_Try it_
Please repeat, exactly as written, the line containing "this 1440×1920 image." and every line after it through the end of the records below.

[Phrase grounding data]
============================================================
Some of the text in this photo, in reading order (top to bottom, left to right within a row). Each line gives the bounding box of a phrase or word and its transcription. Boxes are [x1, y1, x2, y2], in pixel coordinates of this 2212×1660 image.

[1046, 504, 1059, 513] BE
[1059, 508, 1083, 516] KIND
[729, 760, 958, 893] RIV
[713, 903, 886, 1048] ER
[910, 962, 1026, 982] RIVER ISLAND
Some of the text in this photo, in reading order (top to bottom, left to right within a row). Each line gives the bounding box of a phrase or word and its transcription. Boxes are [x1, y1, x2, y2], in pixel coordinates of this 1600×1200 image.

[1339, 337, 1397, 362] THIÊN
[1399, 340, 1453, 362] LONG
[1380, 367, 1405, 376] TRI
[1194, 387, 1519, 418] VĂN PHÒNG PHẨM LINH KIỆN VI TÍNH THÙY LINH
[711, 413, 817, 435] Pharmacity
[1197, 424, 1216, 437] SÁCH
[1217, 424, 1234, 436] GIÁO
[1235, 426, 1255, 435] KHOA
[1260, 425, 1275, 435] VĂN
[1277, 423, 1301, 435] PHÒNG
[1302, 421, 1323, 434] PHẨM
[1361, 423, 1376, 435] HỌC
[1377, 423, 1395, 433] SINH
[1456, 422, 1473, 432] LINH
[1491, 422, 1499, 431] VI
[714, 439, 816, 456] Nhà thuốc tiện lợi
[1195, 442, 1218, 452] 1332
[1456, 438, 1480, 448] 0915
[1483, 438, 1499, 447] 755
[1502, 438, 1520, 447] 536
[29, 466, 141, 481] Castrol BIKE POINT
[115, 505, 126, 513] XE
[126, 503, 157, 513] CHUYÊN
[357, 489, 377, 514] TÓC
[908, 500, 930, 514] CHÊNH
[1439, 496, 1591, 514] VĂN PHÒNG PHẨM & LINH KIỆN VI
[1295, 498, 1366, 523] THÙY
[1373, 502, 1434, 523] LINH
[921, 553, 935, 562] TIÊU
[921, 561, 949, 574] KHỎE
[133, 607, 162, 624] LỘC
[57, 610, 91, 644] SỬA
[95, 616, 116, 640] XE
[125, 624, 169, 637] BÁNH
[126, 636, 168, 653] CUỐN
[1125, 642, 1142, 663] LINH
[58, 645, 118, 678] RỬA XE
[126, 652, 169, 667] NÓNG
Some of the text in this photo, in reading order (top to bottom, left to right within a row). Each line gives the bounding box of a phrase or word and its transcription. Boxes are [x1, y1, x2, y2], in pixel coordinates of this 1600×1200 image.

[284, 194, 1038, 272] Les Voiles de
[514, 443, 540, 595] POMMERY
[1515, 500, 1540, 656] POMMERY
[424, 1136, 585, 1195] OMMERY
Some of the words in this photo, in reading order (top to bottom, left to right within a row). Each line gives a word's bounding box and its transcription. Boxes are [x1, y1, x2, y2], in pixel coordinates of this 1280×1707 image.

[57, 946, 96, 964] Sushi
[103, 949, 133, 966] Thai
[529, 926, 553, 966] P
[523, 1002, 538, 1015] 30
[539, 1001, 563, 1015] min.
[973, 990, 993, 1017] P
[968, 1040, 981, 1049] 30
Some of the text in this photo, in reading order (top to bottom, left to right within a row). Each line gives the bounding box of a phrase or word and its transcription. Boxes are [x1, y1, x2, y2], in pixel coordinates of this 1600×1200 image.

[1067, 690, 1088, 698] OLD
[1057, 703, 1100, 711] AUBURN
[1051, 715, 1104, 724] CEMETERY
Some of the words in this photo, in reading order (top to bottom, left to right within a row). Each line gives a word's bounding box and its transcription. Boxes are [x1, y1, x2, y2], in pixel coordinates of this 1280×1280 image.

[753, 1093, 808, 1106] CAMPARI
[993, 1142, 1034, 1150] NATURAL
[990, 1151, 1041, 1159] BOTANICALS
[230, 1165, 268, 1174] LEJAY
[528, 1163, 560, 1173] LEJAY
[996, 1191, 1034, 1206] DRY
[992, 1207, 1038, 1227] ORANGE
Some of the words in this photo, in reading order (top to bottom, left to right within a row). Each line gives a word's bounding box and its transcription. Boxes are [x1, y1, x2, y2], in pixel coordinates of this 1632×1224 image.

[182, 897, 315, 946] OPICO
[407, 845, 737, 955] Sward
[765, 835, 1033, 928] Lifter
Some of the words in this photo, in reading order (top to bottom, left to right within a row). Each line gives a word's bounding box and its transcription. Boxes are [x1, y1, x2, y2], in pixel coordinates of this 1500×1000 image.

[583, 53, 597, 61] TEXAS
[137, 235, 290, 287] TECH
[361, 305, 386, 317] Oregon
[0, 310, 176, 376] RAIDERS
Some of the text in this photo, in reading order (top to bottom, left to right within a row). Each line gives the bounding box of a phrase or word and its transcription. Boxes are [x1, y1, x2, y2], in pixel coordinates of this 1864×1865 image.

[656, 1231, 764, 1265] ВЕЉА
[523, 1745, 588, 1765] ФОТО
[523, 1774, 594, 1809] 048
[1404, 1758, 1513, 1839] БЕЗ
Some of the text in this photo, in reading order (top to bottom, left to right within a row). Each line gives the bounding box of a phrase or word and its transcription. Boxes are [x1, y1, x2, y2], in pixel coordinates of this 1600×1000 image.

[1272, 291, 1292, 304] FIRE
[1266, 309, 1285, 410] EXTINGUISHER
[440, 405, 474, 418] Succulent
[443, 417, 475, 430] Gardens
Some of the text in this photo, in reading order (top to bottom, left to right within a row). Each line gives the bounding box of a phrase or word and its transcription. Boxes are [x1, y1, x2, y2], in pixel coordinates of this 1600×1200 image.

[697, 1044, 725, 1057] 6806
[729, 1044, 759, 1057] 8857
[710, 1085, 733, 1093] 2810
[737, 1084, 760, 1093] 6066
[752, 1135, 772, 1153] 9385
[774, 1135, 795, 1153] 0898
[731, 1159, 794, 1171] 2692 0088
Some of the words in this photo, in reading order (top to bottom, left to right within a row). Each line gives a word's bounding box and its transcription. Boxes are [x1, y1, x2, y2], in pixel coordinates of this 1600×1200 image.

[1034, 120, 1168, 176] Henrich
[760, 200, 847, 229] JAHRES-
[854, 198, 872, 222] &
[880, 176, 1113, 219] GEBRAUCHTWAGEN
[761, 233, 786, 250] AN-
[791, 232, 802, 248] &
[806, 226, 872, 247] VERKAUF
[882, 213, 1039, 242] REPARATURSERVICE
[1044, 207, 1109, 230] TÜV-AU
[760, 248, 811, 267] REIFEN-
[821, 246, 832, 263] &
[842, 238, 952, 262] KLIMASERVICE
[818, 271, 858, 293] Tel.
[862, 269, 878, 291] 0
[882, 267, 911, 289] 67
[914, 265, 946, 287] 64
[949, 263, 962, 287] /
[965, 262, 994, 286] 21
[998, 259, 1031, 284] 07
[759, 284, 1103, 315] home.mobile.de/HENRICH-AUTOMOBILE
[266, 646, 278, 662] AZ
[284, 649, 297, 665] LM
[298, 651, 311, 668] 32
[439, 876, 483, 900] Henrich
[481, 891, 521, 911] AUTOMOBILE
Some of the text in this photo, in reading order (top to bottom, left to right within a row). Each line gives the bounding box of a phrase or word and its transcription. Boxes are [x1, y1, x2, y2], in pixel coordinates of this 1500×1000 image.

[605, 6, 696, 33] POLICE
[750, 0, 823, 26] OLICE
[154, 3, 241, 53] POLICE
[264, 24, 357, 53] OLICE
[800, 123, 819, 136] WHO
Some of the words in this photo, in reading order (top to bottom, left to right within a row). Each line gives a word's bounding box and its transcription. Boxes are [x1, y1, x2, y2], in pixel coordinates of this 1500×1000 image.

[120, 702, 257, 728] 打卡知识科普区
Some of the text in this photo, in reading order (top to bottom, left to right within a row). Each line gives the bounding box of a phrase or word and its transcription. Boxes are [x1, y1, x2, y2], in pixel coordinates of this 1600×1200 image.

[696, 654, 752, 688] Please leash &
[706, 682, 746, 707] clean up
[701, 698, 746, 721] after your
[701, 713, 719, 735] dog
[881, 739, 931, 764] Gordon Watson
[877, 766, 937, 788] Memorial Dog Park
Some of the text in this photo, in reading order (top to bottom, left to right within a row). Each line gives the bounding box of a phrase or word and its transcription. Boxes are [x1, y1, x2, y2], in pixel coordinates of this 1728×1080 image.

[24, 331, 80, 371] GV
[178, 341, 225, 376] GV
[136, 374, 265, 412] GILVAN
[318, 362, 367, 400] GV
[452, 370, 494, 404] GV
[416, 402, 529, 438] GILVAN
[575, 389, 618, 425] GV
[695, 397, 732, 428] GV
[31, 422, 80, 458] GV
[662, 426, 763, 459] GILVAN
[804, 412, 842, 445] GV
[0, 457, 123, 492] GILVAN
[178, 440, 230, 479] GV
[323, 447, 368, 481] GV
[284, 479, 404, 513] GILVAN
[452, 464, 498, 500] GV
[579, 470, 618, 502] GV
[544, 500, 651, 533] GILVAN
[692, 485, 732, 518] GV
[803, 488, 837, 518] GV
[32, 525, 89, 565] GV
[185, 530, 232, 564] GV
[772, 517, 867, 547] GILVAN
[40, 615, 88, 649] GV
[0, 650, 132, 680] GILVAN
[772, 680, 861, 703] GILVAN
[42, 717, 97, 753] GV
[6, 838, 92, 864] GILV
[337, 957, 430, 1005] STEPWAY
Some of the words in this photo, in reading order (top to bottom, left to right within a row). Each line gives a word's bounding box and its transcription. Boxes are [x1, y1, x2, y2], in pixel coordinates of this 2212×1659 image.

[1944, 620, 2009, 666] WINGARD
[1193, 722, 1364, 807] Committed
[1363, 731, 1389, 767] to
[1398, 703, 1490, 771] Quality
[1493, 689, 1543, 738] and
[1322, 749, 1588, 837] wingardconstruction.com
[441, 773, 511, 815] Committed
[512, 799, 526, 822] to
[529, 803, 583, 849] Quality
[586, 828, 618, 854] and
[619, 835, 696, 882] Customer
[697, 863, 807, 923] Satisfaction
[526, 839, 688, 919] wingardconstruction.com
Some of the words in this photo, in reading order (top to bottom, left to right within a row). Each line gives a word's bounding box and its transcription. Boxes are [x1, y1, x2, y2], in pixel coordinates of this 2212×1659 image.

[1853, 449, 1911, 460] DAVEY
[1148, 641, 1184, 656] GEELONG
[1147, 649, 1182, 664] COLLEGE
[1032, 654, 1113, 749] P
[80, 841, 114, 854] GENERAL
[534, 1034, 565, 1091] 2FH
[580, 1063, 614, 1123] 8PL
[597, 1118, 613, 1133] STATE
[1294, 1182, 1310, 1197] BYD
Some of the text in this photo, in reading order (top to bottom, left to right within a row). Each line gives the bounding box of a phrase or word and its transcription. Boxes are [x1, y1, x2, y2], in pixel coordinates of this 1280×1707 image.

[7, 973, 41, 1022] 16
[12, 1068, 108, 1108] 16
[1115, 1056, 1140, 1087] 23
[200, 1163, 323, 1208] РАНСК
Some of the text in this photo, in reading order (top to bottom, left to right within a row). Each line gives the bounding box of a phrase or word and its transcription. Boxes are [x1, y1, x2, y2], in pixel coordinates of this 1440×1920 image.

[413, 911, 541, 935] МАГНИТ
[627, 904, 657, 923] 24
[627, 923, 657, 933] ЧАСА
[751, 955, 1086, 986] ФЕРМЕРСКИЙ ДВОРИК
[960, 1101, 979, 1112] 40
============================================================
_Answer_
Some of the text in this photo, in reading order (top to bottom, left to right within a row). Each line gives the bounding box of a phrase or word and its transcription. Boxes are [x1, y1, x2, y2], in pixel coordinates of this 1440×1920 image.

[413, 911, 541, 935] МАГНИТ
[627, 904, 657, 923] 24
[627, 923, 657, 933] ЧАСА
[751, 955, 1086, 986] ФЕРМЕРСКИЙ ДВОРИК
[960, 1101, 979, 1112] 40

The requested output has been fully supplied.